● How to complete this task
When you reach the records below, output every one exactly as written but leave out any pictures.

*** Begin section ***

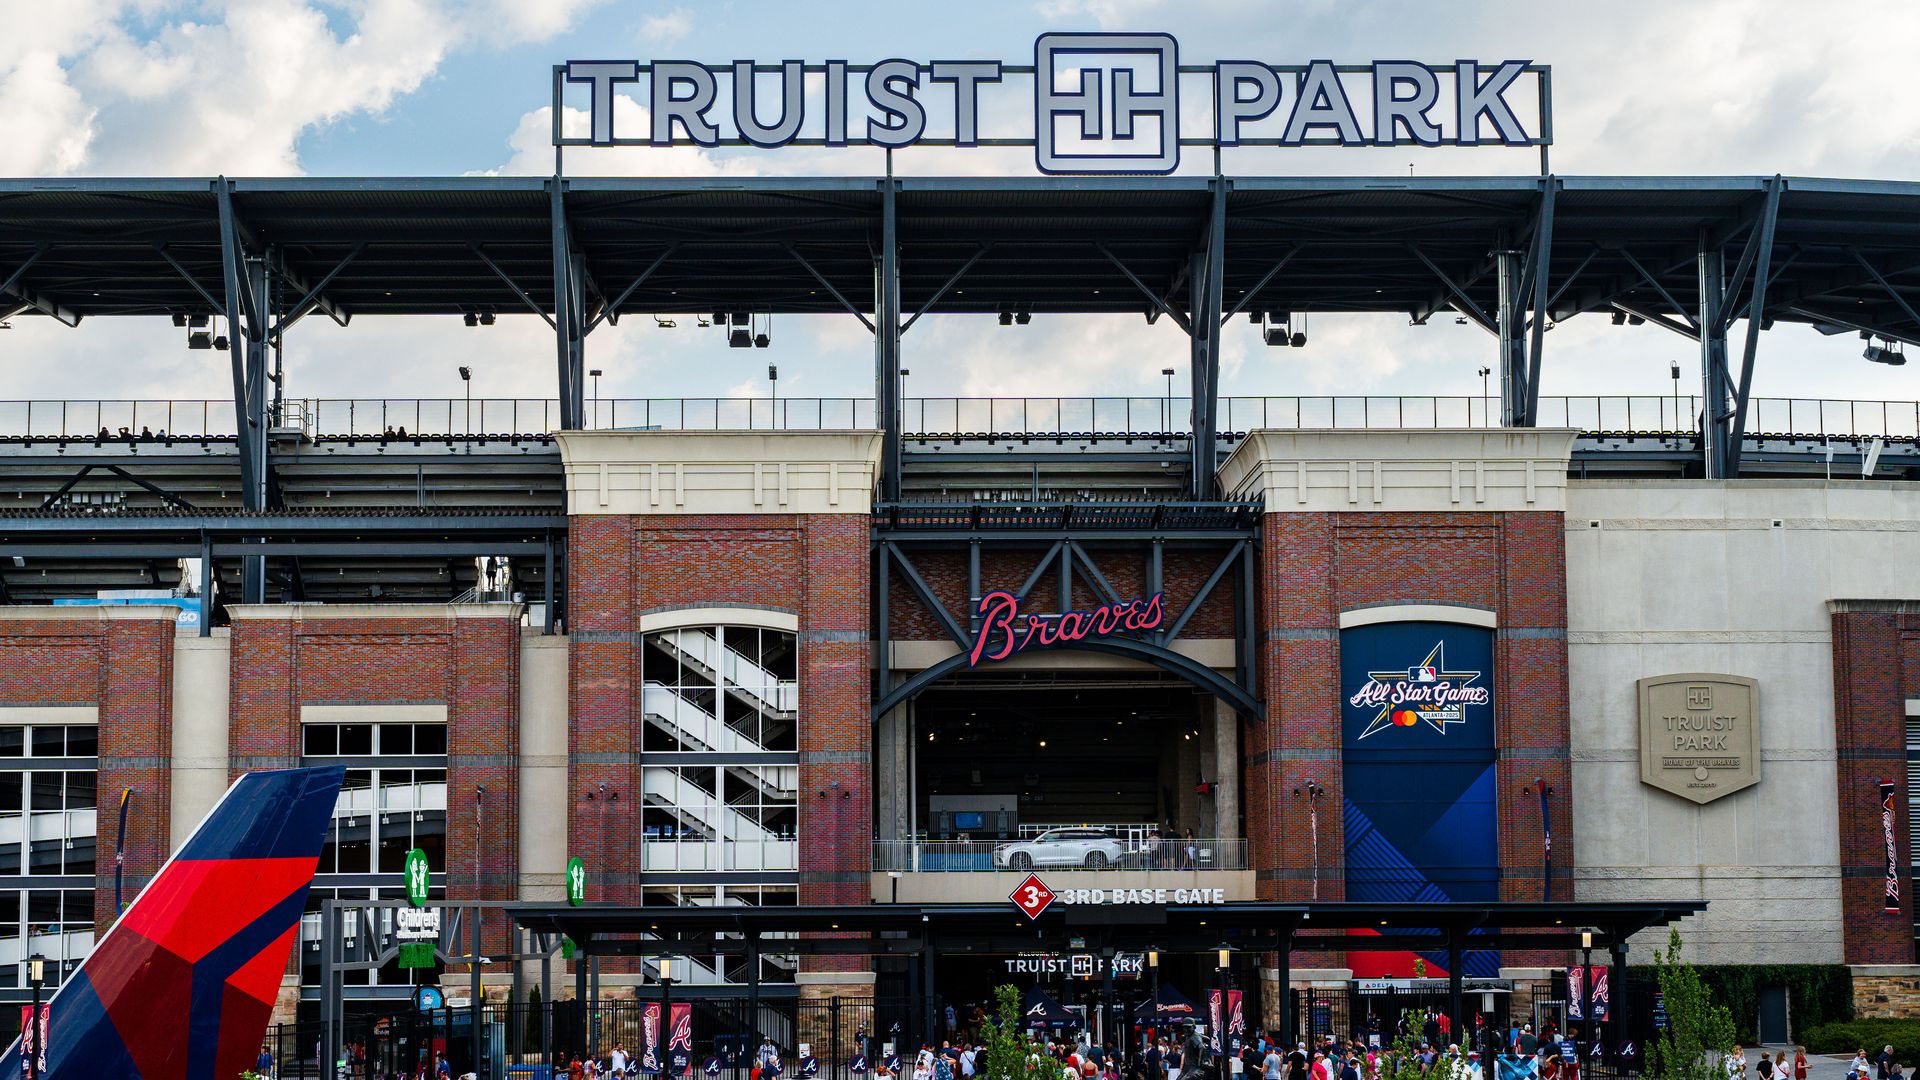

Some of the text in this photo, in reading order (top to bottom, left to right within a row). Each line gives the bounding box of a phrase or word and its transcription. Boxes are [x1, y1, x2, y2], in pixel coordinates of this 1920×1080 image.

[566, 59, 1534, 148] TRUIST PARK
[970, 590, 1163, 670] Braves
[1350, 681, 1488, 706] All Star Game
[1662, 715, 1737, 731] TRUIST
[1673, 735, 1728, 750] PARK
[1663, 759, 1682, 767] HOME
[1685, 759, 1694, 767] OF
[1882, 811, 1899, 901] Braves
[1063, 888, 1225, 905] 3RD BASE GATE
[1004, 959, 1067, 973] TRUIST
[1592, 974, 1608, 1003] A
[1026, 1002, 1047, 1016] A
[1229, 1001, 1243, 1035] A
[669, 1014, 692, 1051] A
[643, 1016, 659, 1070] Braves
[1590, 1042, 1602, 1056] A
[1621, 1042, 1635, 1056] A
[625, 1059, 637, 1073] A
[706, 1059, 719, 1073] A
[803, 1058, 816, 1072] A
[852, 1057, 866, 1071] A

*** End section ***

● Task solution
Some of the text in this photo, in reading order (top to bottom, left to right within a row). Each line gives the bounding box of a phrase or word and its transcription. Boxes are [x1, y1, x2, y2], in pixel coordinates of this 1920×1080 image.

[566, 59, 1534, 148] TRUIST PARK
[970, 590, 1163, 670] Braves
[1350, 681, 1488, 706] All Star Game
[1662, 715, 1737, 731] TRUIST
[1673, 735, 1728, 750] PARK
[1663, 759, 1682, 767] HOME
[1685, 759, 1694, 767] OF
[1882, 811, 1899, 901] Braves
[1063, 888, 1225, 905] 3RD BASE GATE
[1004, 959, 1067, 973] TRUIST
[1592, 974, 1608, 1003] A
[1026, 1002, 1047, 1016] A
[1229, 1001, 1243, 1035] A
[669, 1014, 692, 1051] A
[643, 1016, 659, 1070] Braves
[1590, 1042, 1602, 1056] A
[1621, 1042, 1635, 1056] A
[625, 1059, 637, 1073] A
[706, 1059, 719, 1073] A
[803, 1058, 816, 1072] A
[852, 1057, 866, 1071] A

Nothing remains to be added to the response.